EXERCISE: Character for character, transcribe the entries below, minus the images.

THE DATA:
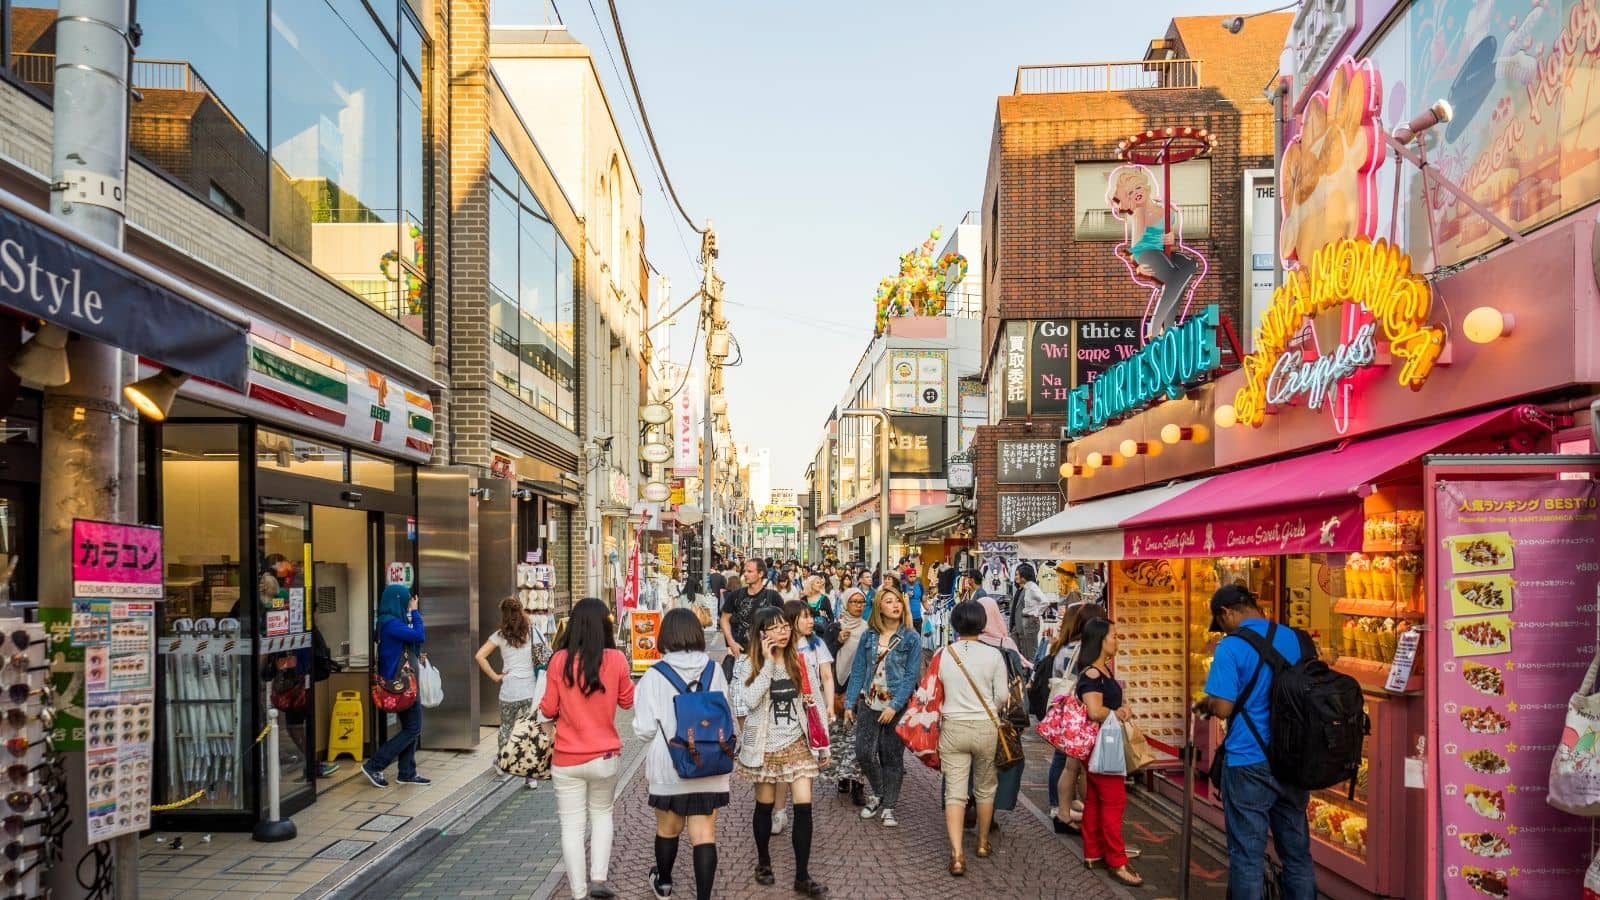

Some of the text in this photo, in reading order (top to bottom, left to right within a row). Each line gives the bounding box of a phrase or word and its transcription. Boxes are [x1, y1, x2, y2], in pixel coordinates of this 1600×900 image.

[1256, 187, 1274, 199] THE
[0, 239, 104, 325] Style
[1124, 327, 1136, 337] &
[1008, 336, 1024, 400] 買取委託
[1092, 303, 1217, 430] BURLESQUE
[1458, 499, 1539, 513] 人気ランキング
[80, 539, 157, 570] カラコン
[116, 585, 144, 593] CONTACT
[145, 586, 161, 594] LENS

THE ANSWER:
Some of the text in this photo, in reading order (top to bottom, left to right within a row). Each line gives the bounding box of a phrase or word and its transcription. Boxes are [x1, y1, x2, y2], in pixel coordinates of this 1600×900 image.

[1256, 187, 1274, 199] THE
[0, 239, 104, 325] Style
[1124, 327, 1136, 337] &
[1008, 336, 1024, 400] 買取委託
[1092, 303, 1217, 430] BURLESQUE
[1458, 499, 1539, 513] 人気ランキング
[80, 539, 157, 570] カラコン
[116, 585, 144, 593] CONTACT
[145, 586, 161, 594] LENS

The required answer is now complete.